Sinned-against Nezzar sins again
Algeria Interface, July 12, 2002
Khaled Nezzar and his supporters have published a memo they wrote to the French public prosecutor at the time of the torture case brought against Nezzar in April 2001.
Paris, 12/07/02 – Hardly was general Khaled Nezzar out of court as his defamation trial against Habib Souaïdia closed than he returned to the torture case filed against him in April 2001. He has just published the lengthy memorandum that he sent to the French public prosecutor at the time. Entitled ‘Algeria: The Cancelling of the Elections, Stakes and Perspectives’, it was cowritten by like-minded Algerian officials and lawyers.
Its publication is part of Nezzar’s all-out drive to burnish the army’s, and his, image. Written on the advice of his lawyer to answer the torture charges brought against him, it seeks to put into the Algerian political context ‘the grievances against [him], the answerability of the case and [his] personal and penal responsibility’.

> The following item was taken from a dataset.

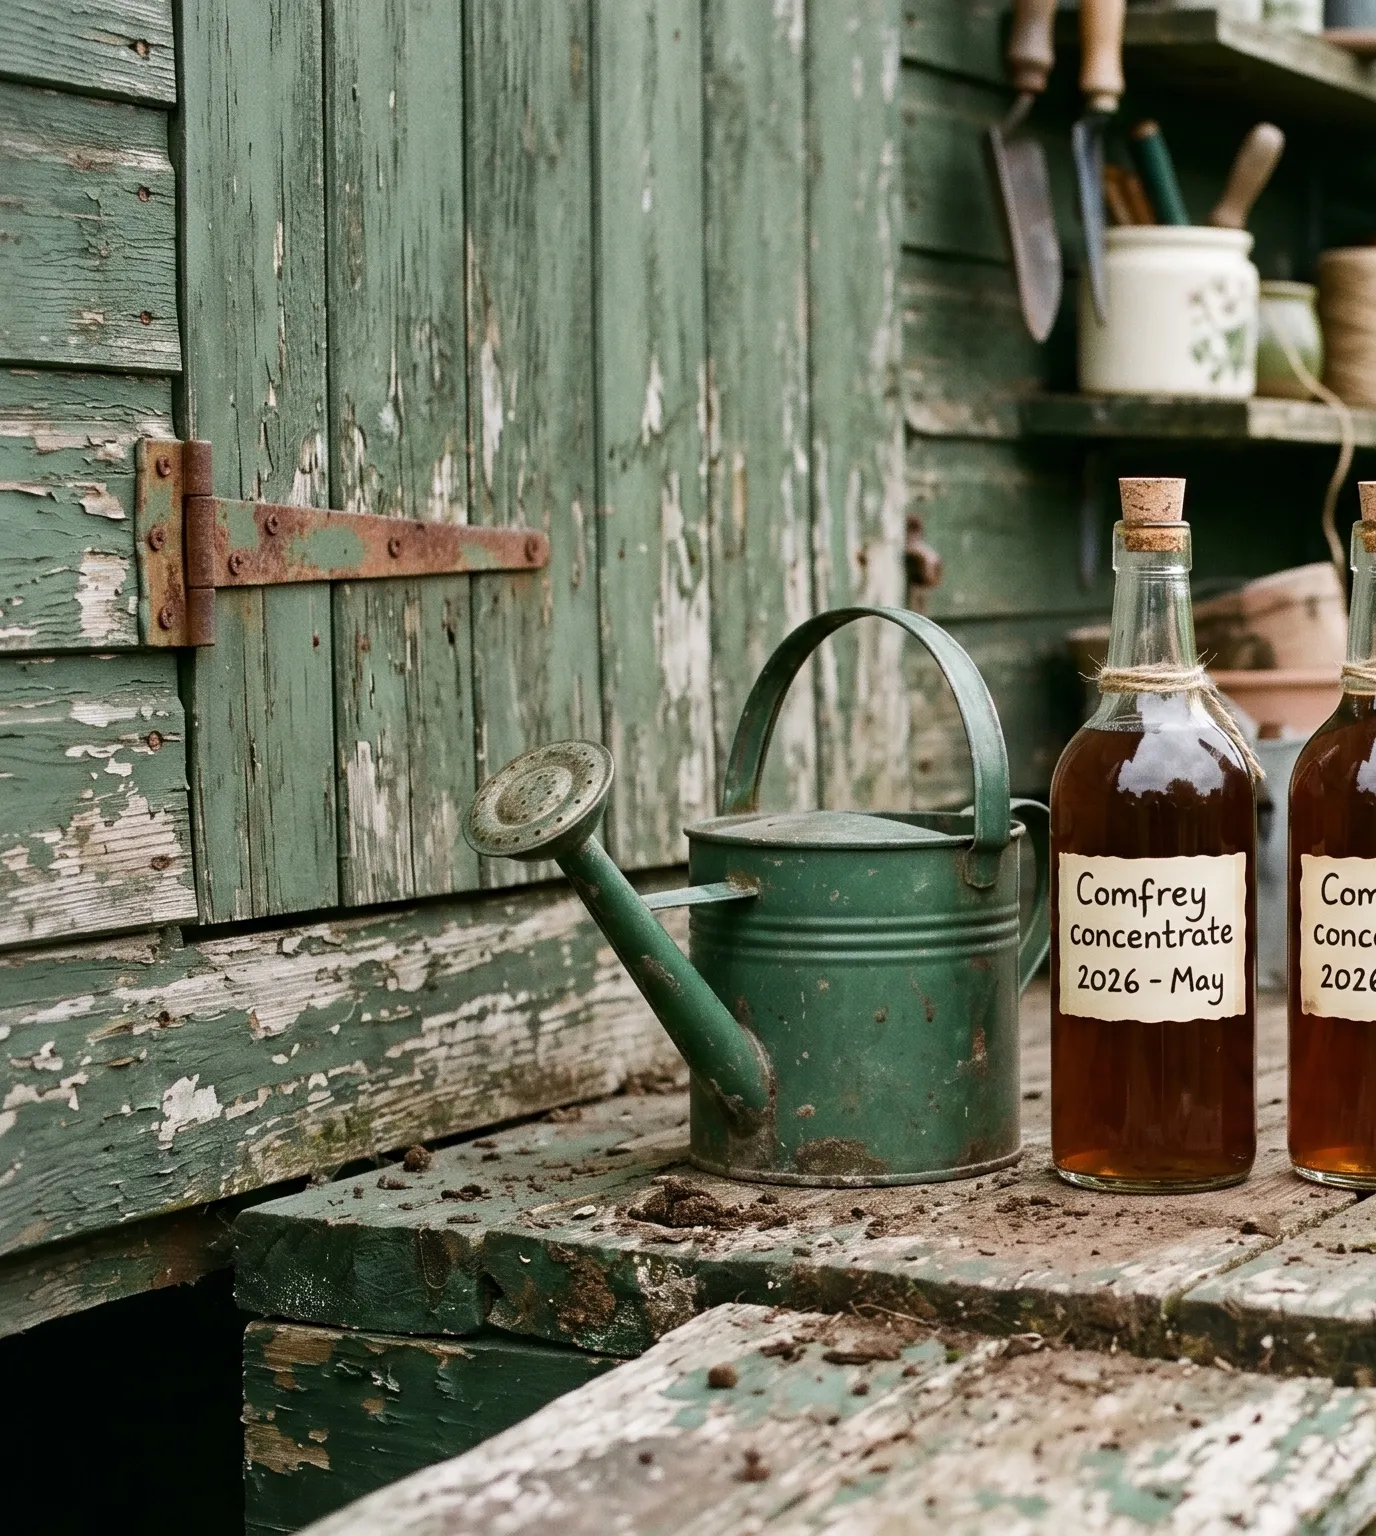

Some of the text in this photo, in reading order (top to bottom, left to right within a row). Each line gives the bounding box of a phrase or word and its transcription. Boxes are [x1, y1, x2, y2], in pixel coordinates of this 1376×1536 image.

[1076, 871, 1206, 923] Comfrey
[1077, 964, 1140, 994] 2026
[1170, 965, 1224, 1006] May

The first 40 pages review the political situation from the nationwide riots of October 1988 up to January 1992 and the cancelling of the elections. Its authors launch a swingeing attack on Muslim fundamentalism (the implication being the plaintiffs are of that ilk) which, they allege, has not forgiven the army senior command for halting their plans to set up a new Afghanistan in North Africa.
The memorandum also uses the law to defend Nezzar and attack the plaintiffs, Abdelwahab Boukezouha, Lyes Laribi, and the family of Simozrag Yacine. It alleges they were from an early date ‘involved in terrorism and subversion’ and retraces their background.
The authors than go on to argue that Nezzar had no case to answer in virtue of Articles 5 and 7 of the International Convention on Torture which state that a case can be brought in a foreign court only if it is proven that the national jurisdiction was unable to prosecute a suspect. In other words Boukezouha, Lyes Laribi and the Simozrag family should have filed their case in Algeria!
The memo also has a 300 page-long appendix! It is a hotchpotch of legislative and legal documents and press articles designed to support Nezzar’s case. Some examples are a memo dating back to 1990 that expresses the army’s point of view of the situation at the time, the full wording of president Chadli Benjedid’s (forced) resignation in January 1992, and a legal document listing 68 military men, including Habib Souaïdia, found guilty of misdemeanours while in uniform.
Khaled Nezzar wrote the preface to the memo. He presents it is a ‘logical and coherent argumentation’ that obeys the dictates of historical truth and contributes to the understanding of history. Readers are likely to find it dense, slapdash and confusing and written to serve aims other than historical truth.